Objective: Red blood cell (RBC) concentration impacts cerebrovascular disease, yet it is unclear whether RBC concentrations relate to dementia risk, particularly in racially/ethnically diverse cohorts. We investigated whether RBC concentrations associate with incident dementia risk in a diverse population of stroke-free individuals and explored whether cerebral small vessel disease (CSVD) mediates this relationship.
Methods: A longitudinal observational analysis was performed using a population-based cohort of stroke-free, older adult participants (>50 years) from the Northern Manhattan Study (NOMAS) enrolled between 2003-2008. Participants received baseline hematocrit testing, MRI neuroimaging, and cognitive assessments at baseline and long-term follow-up. Associations of baseline hematocrit as a categorical variable (low, normal [reference], and high based on laboratory reference levels) with incident dementia were assessed using Cox models adjusting for relevant covariates. Separate analyses investigated whether MRI CSVD mediated these relationships.

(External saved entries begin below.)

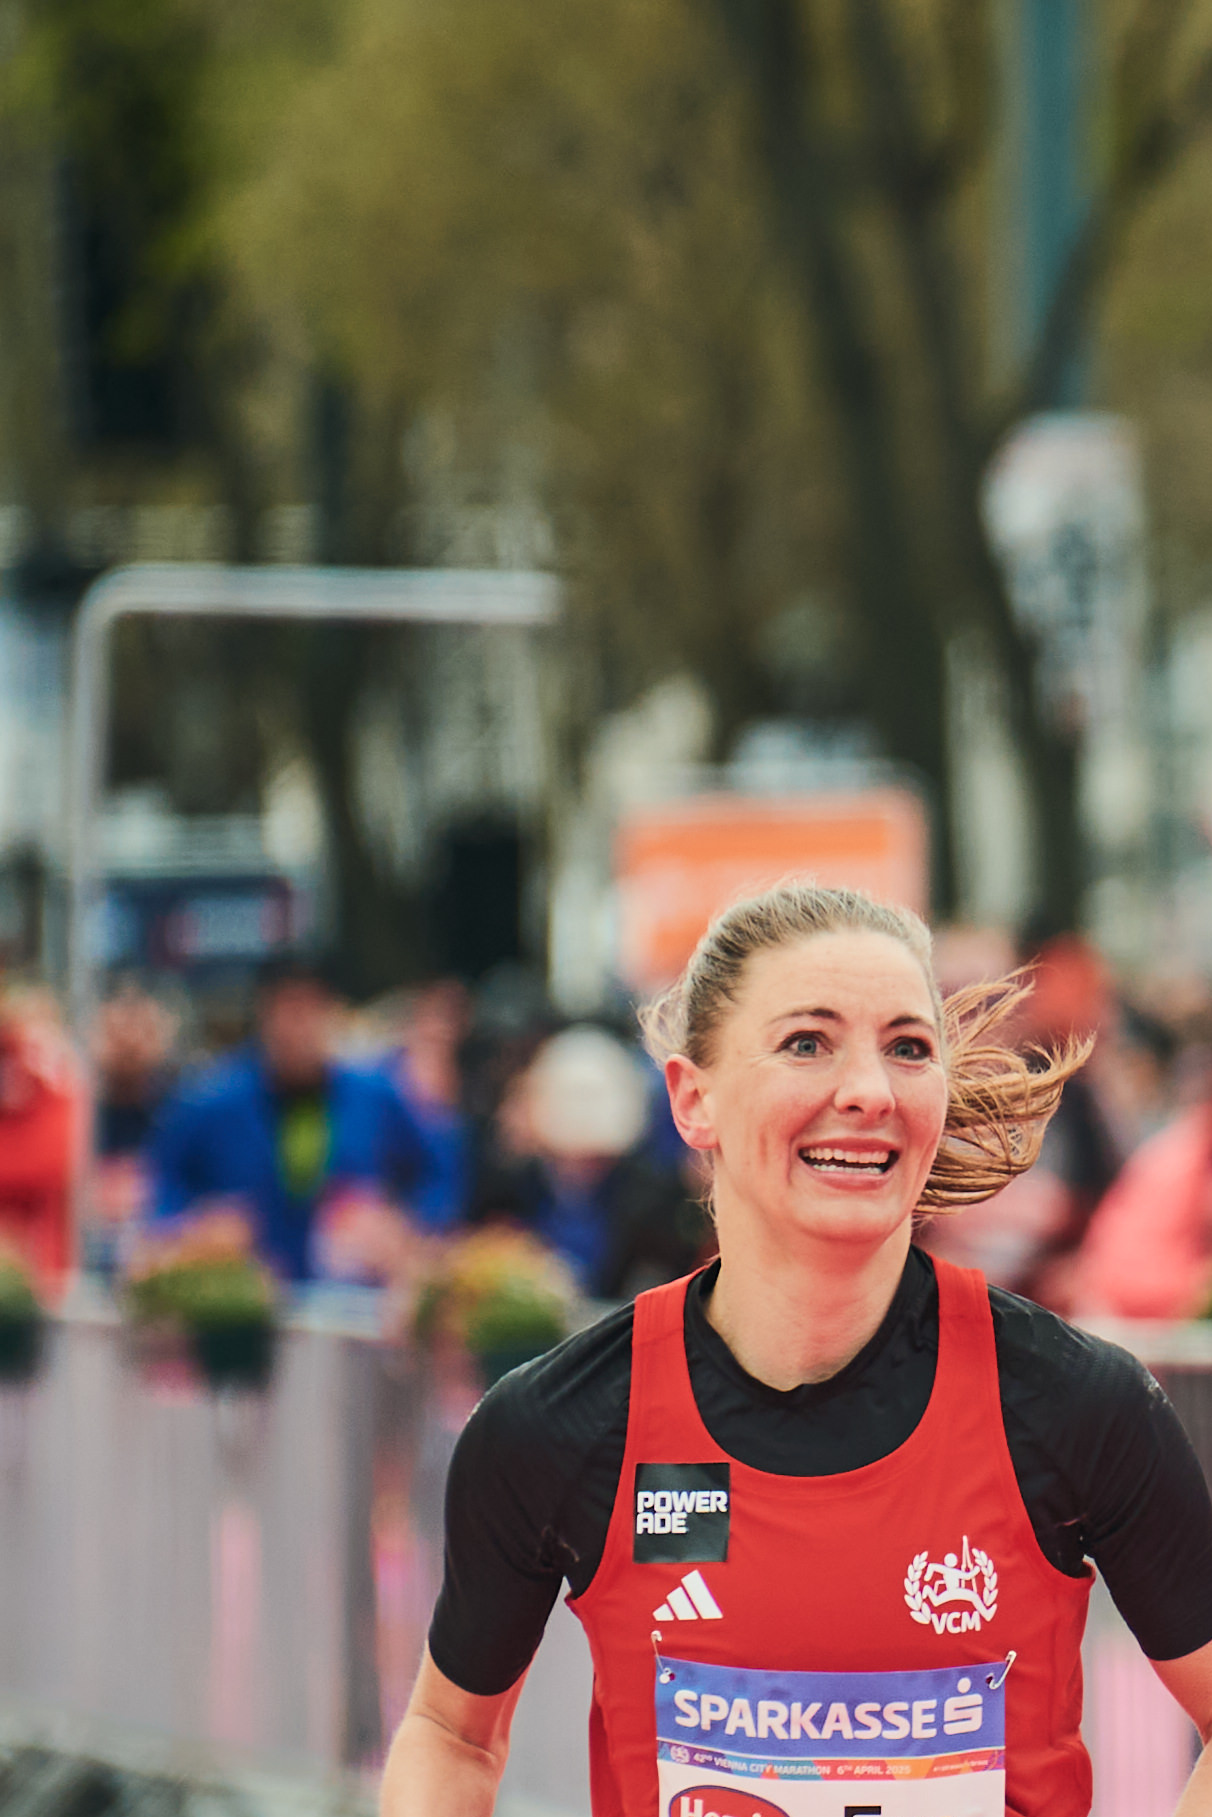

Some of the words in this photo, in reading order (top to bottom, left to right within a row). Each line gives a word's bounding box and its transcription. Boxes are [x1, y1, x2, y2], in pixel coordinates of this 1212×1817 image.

[637, 1491, 728, 1512] POWER
[636, 1512, 688, 1534] ADE
[931, 1611, 981, 1634] VCM
[674, 1689, 937, 1740] SPARKASSE
[714, 1757, 748, 1772] VIENNA
[749, 1763, 773, 1773] CITY
[774, 1764, 831, 1775] MARATHON
[854, 1765, 884, 1775] APRIL
[885, 1765, 912, 1775] 2025

Results: We studied 1207 NOMAS participants (mean age 71±9 years, 60% female, 66% Hispanic). Mean hematocrit was 41.2% (±3.8) with 16% of participants developing incident dementia. Lower hematocrit associated with increased dementia risk (adjusted hazard ratio 1.81 [1.01-3.23]) after adjusting for age, sex, race/ethnicity, education, APOE status, and comorbidities. High hematocrit was not associated with dementia risk. No interactions by sex or race/ethnicity were seen and baseline CSVD did not mediate relationships between hematocrit and dementia.
Conclusions: Low hematocrit associated with dementia risk in our diverse population cohort. Further work is needed to assess mechanisms behind anemia's relationship with dementia to assess whether this can serve as a trackable, preventable/treatable risk factor for dementia.